Use the 360 degrees routine to get l within 360 degrees.
Now we need the radius vector, that is to say, distance from the sun, r.
r = (a*(1-e^2))/(1+e*cos(v))
where
a = semi-major axis of the orbit
e = eccentricity
v = true anomaly

Now we repeat these calculations for Hubble given the values for Hubble's orbit above.
For Hubble we're dealing with an inclined orbit, so we also need to find the latitude. This is given by
U = Arcsin(sin(L - Omega)*sin(i))
where
L = true longitude of Hubble (same formula as heliocentric longitude for earth)
omega = longitude of the ascending node
i = inclination
Now we need to find the geocentric longitude; true longitude consists partly of values which are inclined to the equator by Hubble's inclination.

L' = v+w'-O
where
v = true anomaly
w' = longitude of perigee
O = argument of perigee
Perform the 360 degree routine on L'
Now we re-orient L' back into the plane of the equator so that we can find the geocentric longitude with respect to the vernal equinox, effectively geocentric right ascension.

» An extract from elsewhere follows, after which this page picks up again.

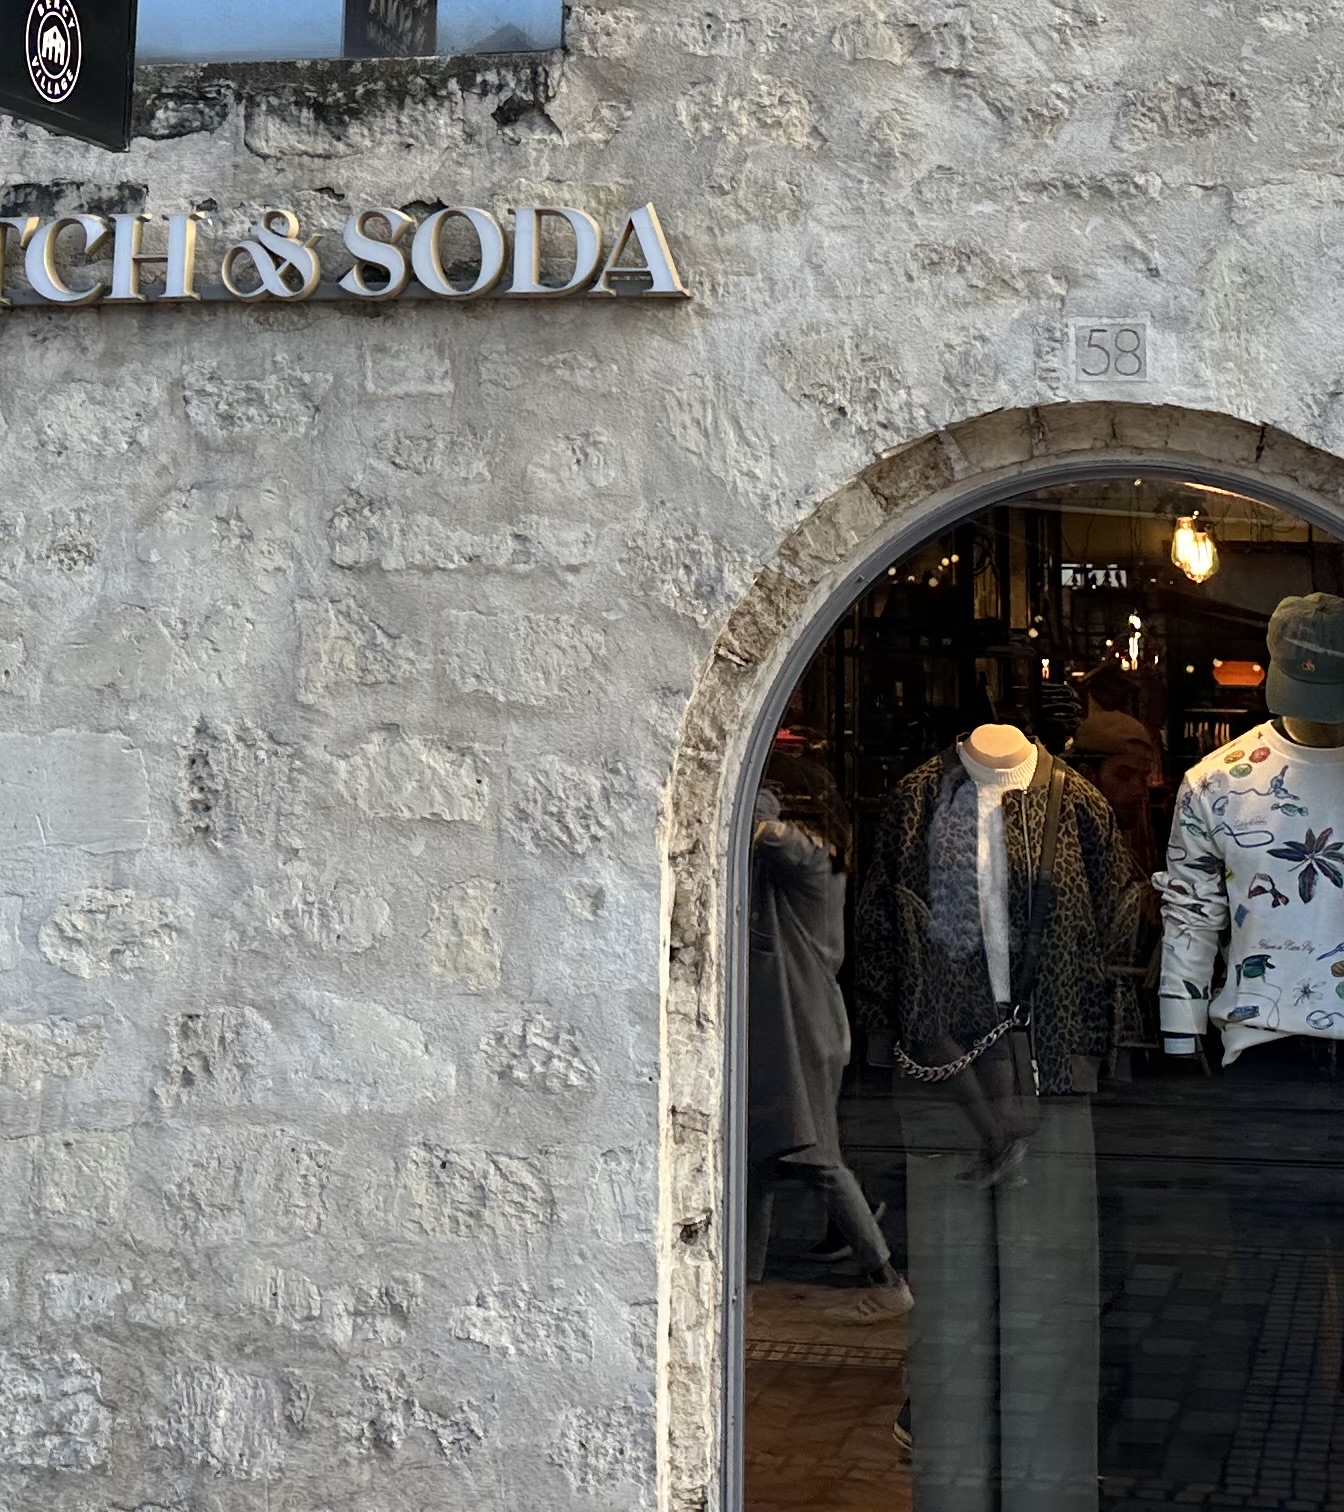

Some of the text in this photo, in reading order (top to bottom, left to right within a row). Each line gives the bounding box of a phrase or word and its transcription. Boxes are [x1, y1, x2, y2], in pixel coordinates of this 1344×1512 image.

geocentric right ascension = arctan((sin(L')*cos(e))/cos(L'))+O
where L' equals the result from above
e = eccentricity
O = argument of perigee
Remember to evaluate the arctan function using the quadrant disambiguation routine described above

Now we need to find the geocentric longitude. We now know the angle of Hubble east of the vernal equinox, but we need to know the number of degrees the vernal equinox is of the 0 line of longitude, the prime meridian, in other words, we need to know Greenwhich mean sidereal time.

GMST = 18.697374558+24.0657098244191*(JD-2451545)
GMST*15 = GMST in degrees
Perform the 360 degree routine on GMST in degrees to get the value within 360 degrees.
Now take the geocentric right ascension and subtract GMST in degrees. This is the eastern

longitude of Hubble. If the value is negative, it's west longitude, if the value is positive it is east longitude. Save this value and the latitude calculated above for later.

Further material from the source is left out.